Ireland’s last six months’ of total transactions was greater than for the whole of the previous two years. Italy, Spain and Portugal are also seeing stronger than expected investment activity with investors prepared to take on increased market risk.
Continuing competition for prime assets has left yields relatively stable throughout Q1. Southern Europe, in particular, has seen yield stabilisation over recent months with the office sector leading both retail and industrials.
Core investors are increasingly looking at opportunities in the industrial sector, particularly well-let distribution warehouses in the UK, Germany and France.
2013 is expected to be a more active year in terms of lending as banks increase their commercial real estate lending targets and consider lending against more secondary assets.
There is growing recognition among occupiers and distributors of the advantages of cross-dock facilities in modern supply chains and of the emergence of parcel delivery centres (PDC) as a specific category. With growing pressure on margins and delivery speed, these buildings can play a significant role in supply chains by eliminating or reducing inventory holding and handling costs.
The market in Europe is currently relatively immature but expected to expand as the growth in online retailing boosts leasing demand. User demand is dominated by third-party logistics companies (3PLs) but we expect these trends to generate a growing contribution from parcel courier companies.

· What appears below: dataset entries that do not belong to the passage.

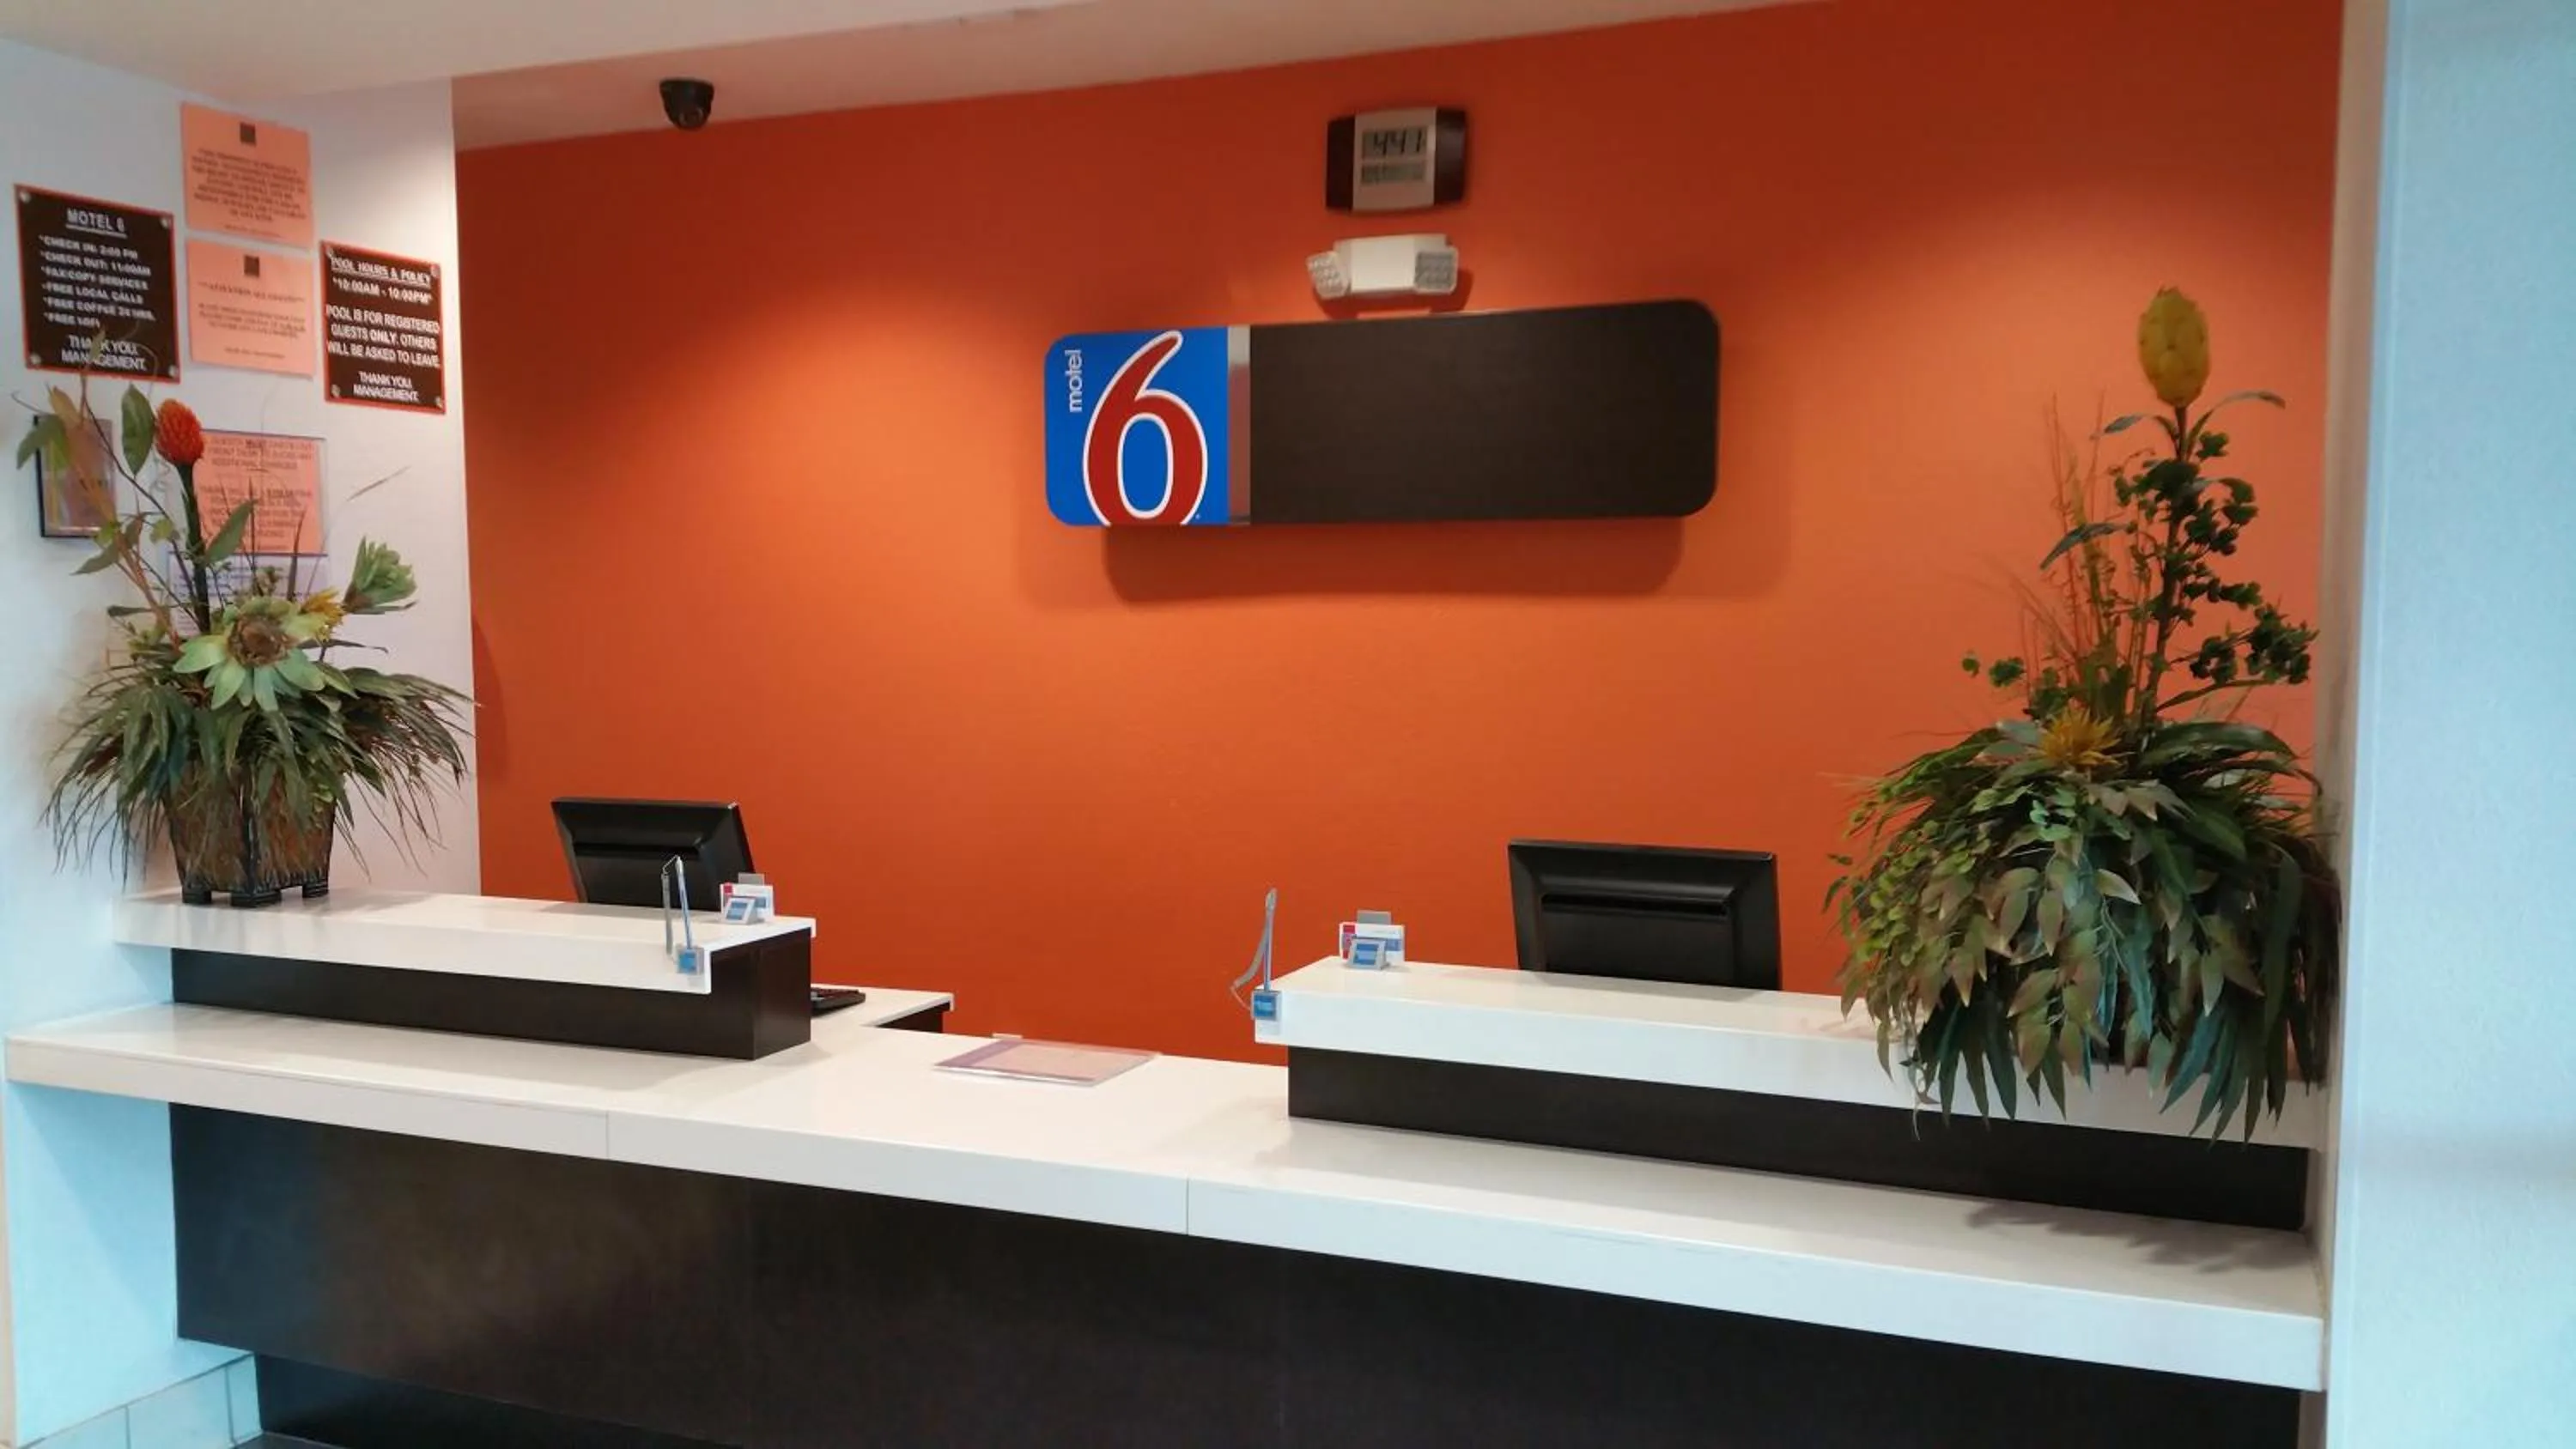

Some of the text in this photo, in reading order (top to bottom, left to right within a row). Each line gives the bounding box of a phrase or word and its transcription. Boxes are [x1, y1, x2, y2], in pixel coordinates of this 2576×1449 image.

[67, 209, 126, 233] MOTEL 6
[331, 258, 354, 271] POOL
[358, 261, 387, 277] HOURS
[326, 304, 352, 321] POOL
[364, 310, 382, 325] FOR
[385, 313, 440, 334] REGISTERED
[69, 335, 109, 354] THAK
[331, 324, 368, 341] GUESTS
[400, 334, 437, 352] OTHERS
[328, 341, 349, 356] WILL
[350, 344, 363, 357] BE
[365, 347, 396, 361] ASKED
[397, 350, 410, 363] TO
[359, 371, 390, 385] THANK
[1065, 349, 1083, 413] motel
[1083, 330, 1208, 526] 6

The relatively small scale of the sector and of individual assets, coupled with low site coverage, has so far constrained the emergence of a sizeable institutional investment market, but the anticipated growth in the user market will increasingly support expansion. Evidence from both Europe and the US indicates rental levels 40-50% above conventional warehouse rents.
Pricing evidence from other more mature markets indicates that early-mover investors will benefit from a yield re-rating as sufficient liquidity emerges to allow portfolio funding and trading, and pricing for this type of asset converges with that for conventional warehouses.

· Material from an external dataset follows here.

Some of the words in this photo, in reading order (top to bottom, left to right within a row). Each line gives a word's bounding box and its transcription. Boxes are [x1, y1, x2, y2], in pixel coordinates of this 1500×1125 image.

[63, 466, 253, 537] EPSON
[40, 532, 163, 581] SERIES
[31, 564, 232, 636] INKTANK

In addition to Irish & international institutional buyers, new UK & German funds, encouraged by improving economic prospects, are showing increased interest in purchasing Irish income-producing assets
The biggest challenge at present is finding an adequate supply of prime properties to satisfy current volumes of demand
The Grade A office vacancy rate in prime Dublin 2/4 CBD is now 6.2%. However, it will be some time yet before speculative development proves feasible
There is a notable disconnect between activity in the retail sector of the Irish economy and the retail property market at present
Several bidders have emerged for good development sites offered for sale over recent months
A number of hotel & pub properties are currently under offer or close to being signed. However, there are not enough good quality hotels being released for sale to capitalise on the current volume of demand from international hotel investors
A marked contrast between the increased volume of transactional activity and improving market conditions in many sectors of the commercial property market in the Republic over recent months and the comparatively depressed conditions in the Northern Ireland property market.